General Sensitivity Analysis Fig 1
General Sensitivity Analysis Fig 2
Basin and Petroleum System Modeling (BPSM) covers a large spatial and temporal interval. Many of the input parameters are highly uncertain. Previous studies have shown that the model responses can be impacted by uncertainty from various resources and scales. How to efficiently quantify these uncertainties (both parametric and spatial) remains challenging. Probabilistic approaches based on Monte Carlo simulations are often utilized to tackle these questions, however, a large number of models created from random sampling need to be constructed and simulated. Due to the intensive model construction and analysis process and high computational cost of simulating BPSM projects, we need to optimize the number of models while still covering the possible range of uncertainties. Thus, sensitivity analysis needs to be conducted to identify parameters that are sensitive to model responses and ultimately to improve the efficiency of uncertainty quantification workflow.
 
Graduate student Yao Tong and advisor Tapan Mukerji are exploring the application to BPSM studies of the Generalized Sensitivity Analysis (GSA) Method recently refined and successfully applied to reservoir modeling by Stanford Center for Reservoir Forecasting.  This method combines the Monte Carlo random sampling with advanced resampling statistical method to identify sensitive parameters.

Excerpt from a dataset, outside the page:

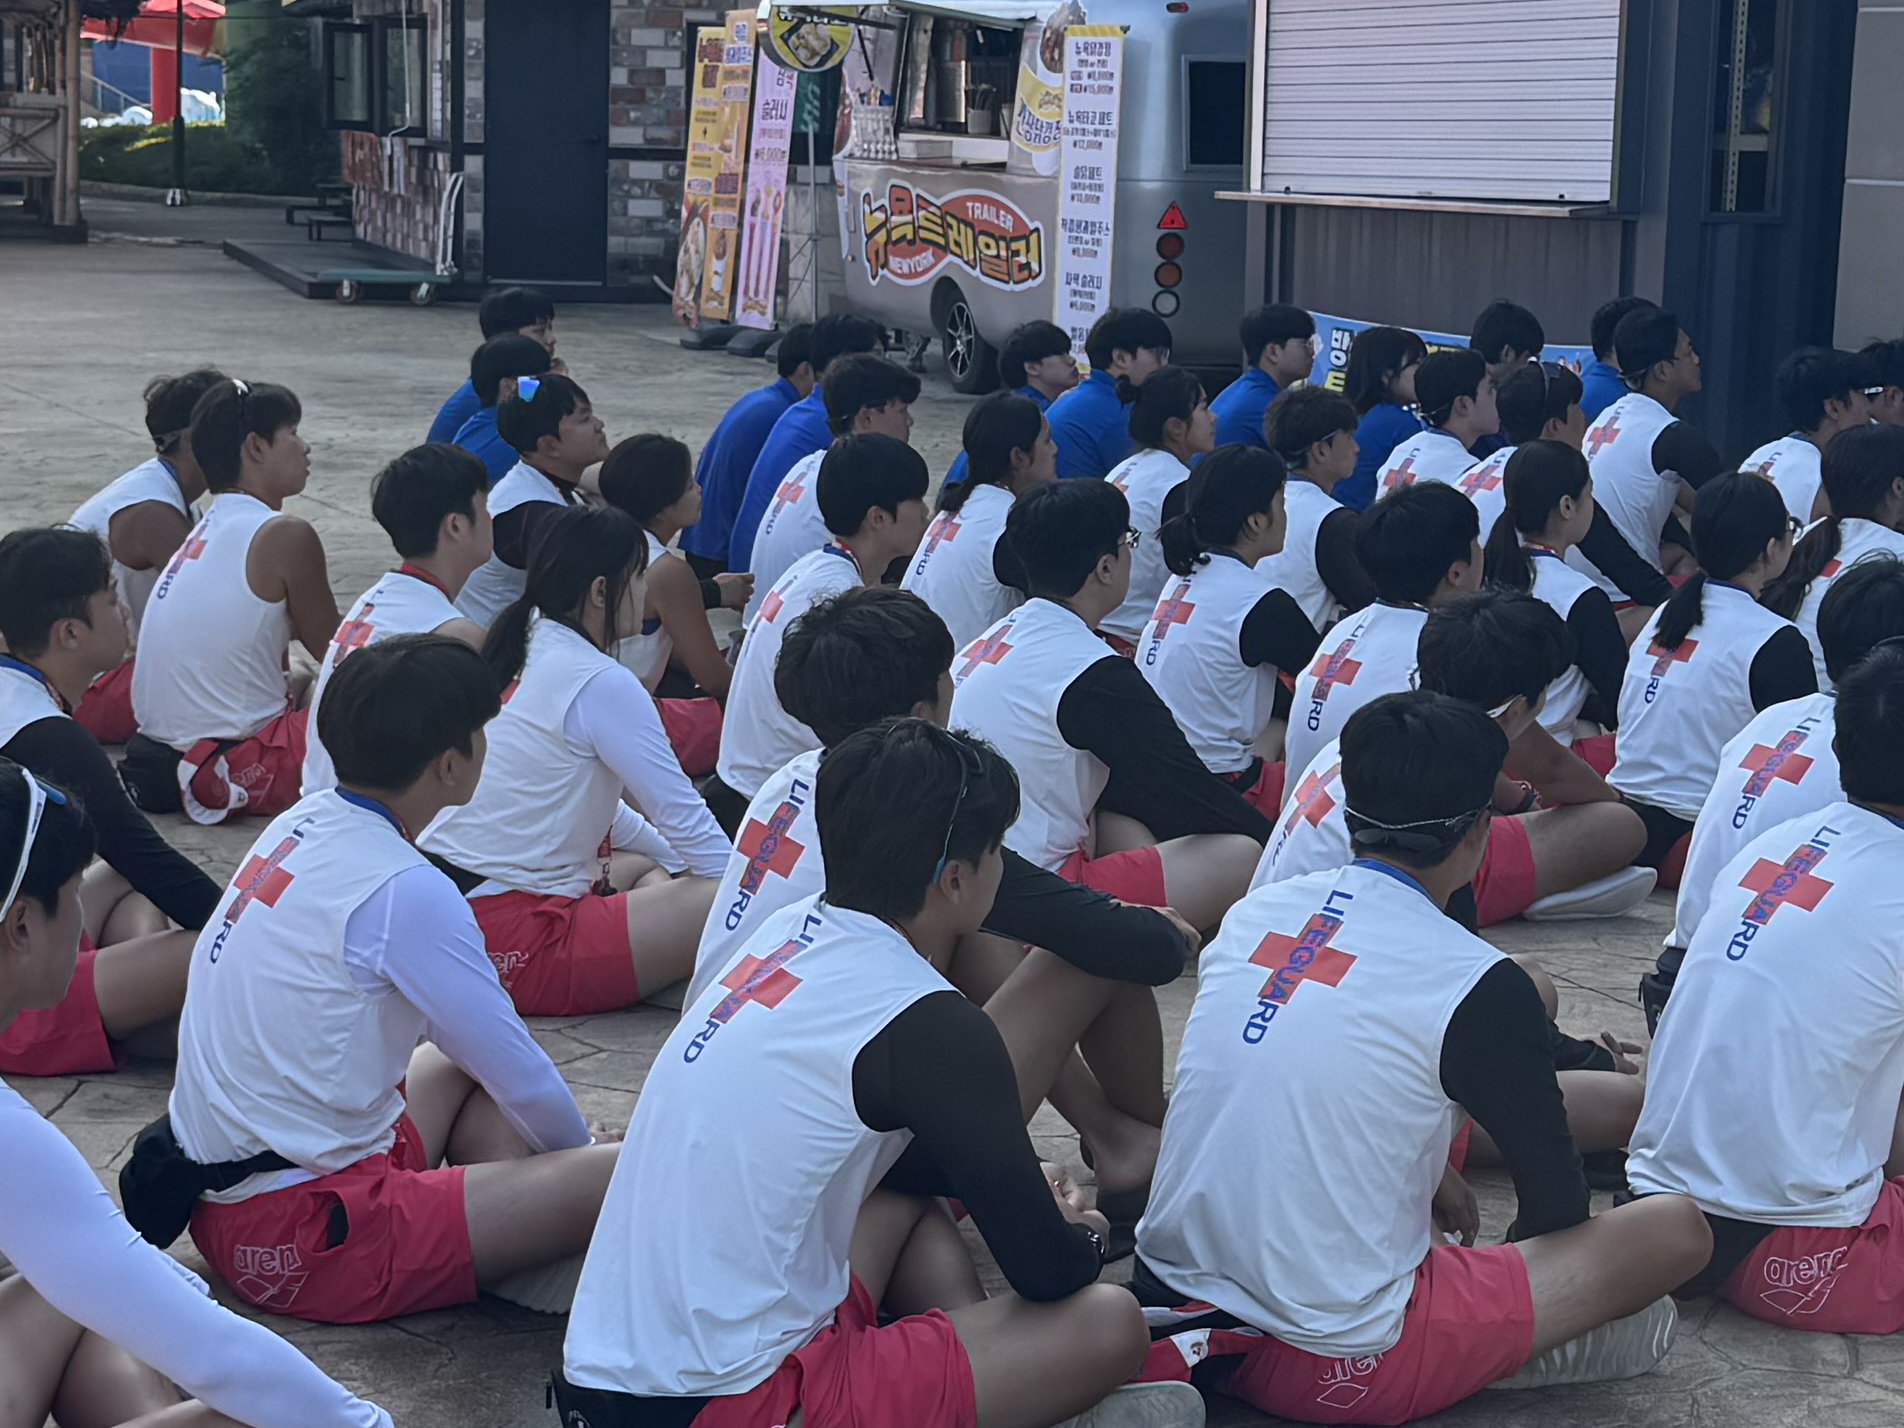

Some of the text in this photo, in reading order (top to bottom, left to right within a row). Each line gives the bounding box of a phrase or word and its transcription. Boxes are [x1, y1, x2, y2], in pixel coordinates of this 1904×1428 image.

It is especially attractive for BPSM because:
  1. GSA method can tackle sensitivities resulting from various types of uncertain parameters (continuous, discrete, and even intrinsic scenario-based), and
     
  2. GSA method can identify not only the traditional single way parameter sensitivities but also multi-way interaction parameter sensitivities, which indicate more subtle correlations that may otherwise be ignored.
In the current preliminary study, we applied this GSA method to a 1D basin model and investigated both single way parameter sensitivities and multi-way interaction parameter sensitivities on source rock maturation responses.
 
The upper figure shows the Pareto plots of the standardized measure of sensitivity for each single parameter to the Vitrinite Reflectance (Ro). It indicates that Ro is most sensitive to heat flow value (HF) compared to source rock TOC and HI. The lower figure shows the Pareto plots of the standardized measure of sensitivity for multi-way interactions. It indicates a subtle level of sensitivity to Ro. Two main interactions are observed: Low HF-high TOC and high TOC-low HI are identified to be the most sensitive parameter to the Ro responses.